Americans, however, are not limited by religion and are free to choose whatever they want to be, worship whoever they want to worship and live wherever they want to live. This beautiful freedom gives us a wonderful diversity of faiths and so a full range of pilgrimage sites on a global scale. Many traditionally eastern religions such as Hinduism and Buddhism have migrated to the United States at sites such as the Hua Zang Si Temple in San Francisco. This Buddhist temple is striking with its red exterior, tall almost Gothic appearance, and history as a former Evangelical Lutheran Church. The Baha'i House of Worship, outside of Chicago, is exceptional as the oldest surviving Baha'i temple and the only one in the United States. A relatively small practicing religion, Baha'i focuses on the spiritual unity of all humankind. This peace of connection, of belonging, make visits to the stunning religious complex in Illinois a spiritual treat as it connects those of all beliefs under the unity of the one God, as they teach.

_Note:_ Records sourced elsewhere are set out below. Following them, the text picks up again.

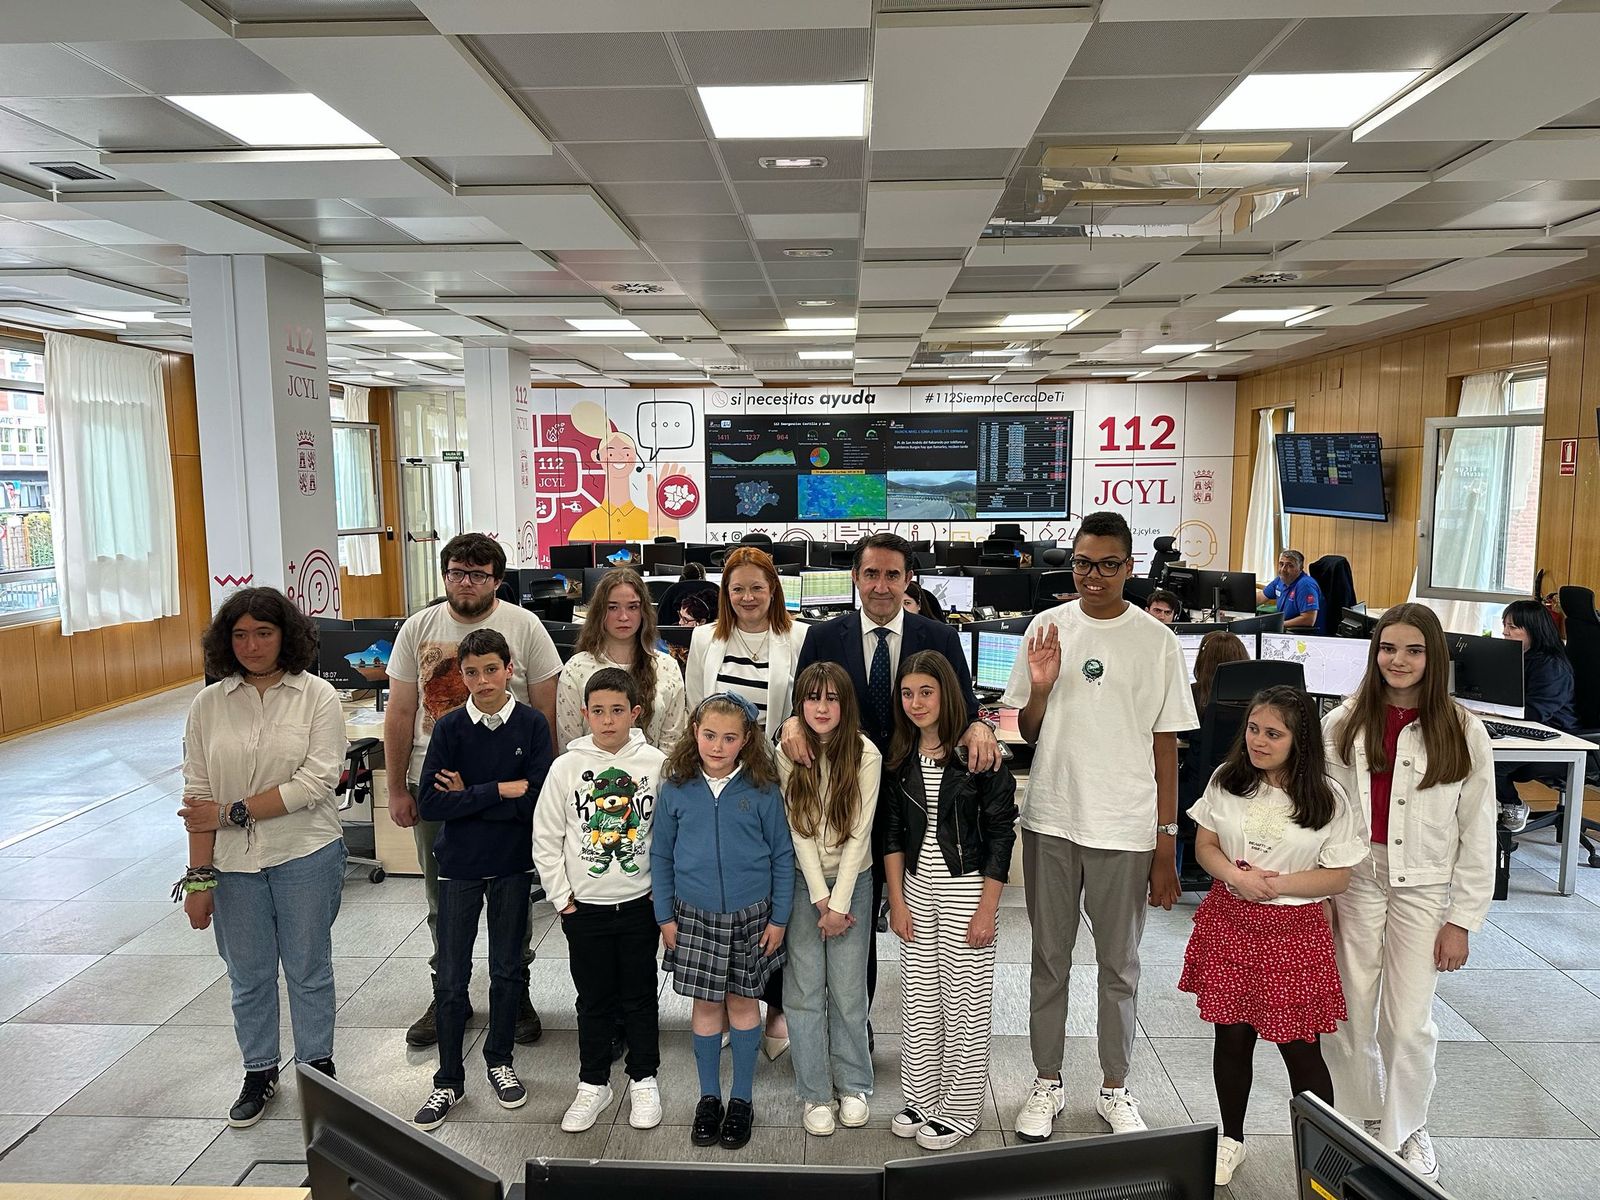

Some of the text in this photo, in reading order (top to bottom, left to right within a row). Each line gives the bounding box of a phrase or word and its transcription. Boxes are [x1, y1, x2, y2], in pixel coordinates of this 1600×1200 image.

[284, 322, 316, 357] 112
[287, 375, 319, 400] JCYL
[515, 385, 528, 405] 112
[730, 389, 876, 408] si necesitas ayuda
[924, 391, 1065, 405] #112SiempreCercaDeTi
[1098, 414, 1176, 451] 112
[538, 457, 565, 470] 112
[538, 477, 566, 488] JCYL
[1094, 478, 1176, 506] JCYL

Of course, we are still missing two major world religions. Judaism and Islam in the United States may make up a relatively small percentage of Americana but they are extremely devoted and their religious sites are historic as well as meaningful. In New York, you'll find Jewish sites such as the Temple Emanu-El and the Eldridge Street Synagogue as well as Angel Oresanz Center, the oldest synagogue center still standing in New York state. Islam in America can also be traced back centuries to 1731 or earlier though the largest congregation resides in Dearborn, Michigan, at the Islamic Center of America. Although it isn't an old building, having opened in 1963, the elaborate mosque offers guided and self-guided tours of the building weekly and opens its doors to visiting worshipers. Other notable mosques include the Islamic Society of New Tampa in Thonotosassa, Florida, the Islamic Center of Raleigh in North Carolina, and the Islamic Center in Pittsburgh.
There is no limit to what is considered sacred. Explore the United States on your own trip and discover meaning through connection, peace, and faith.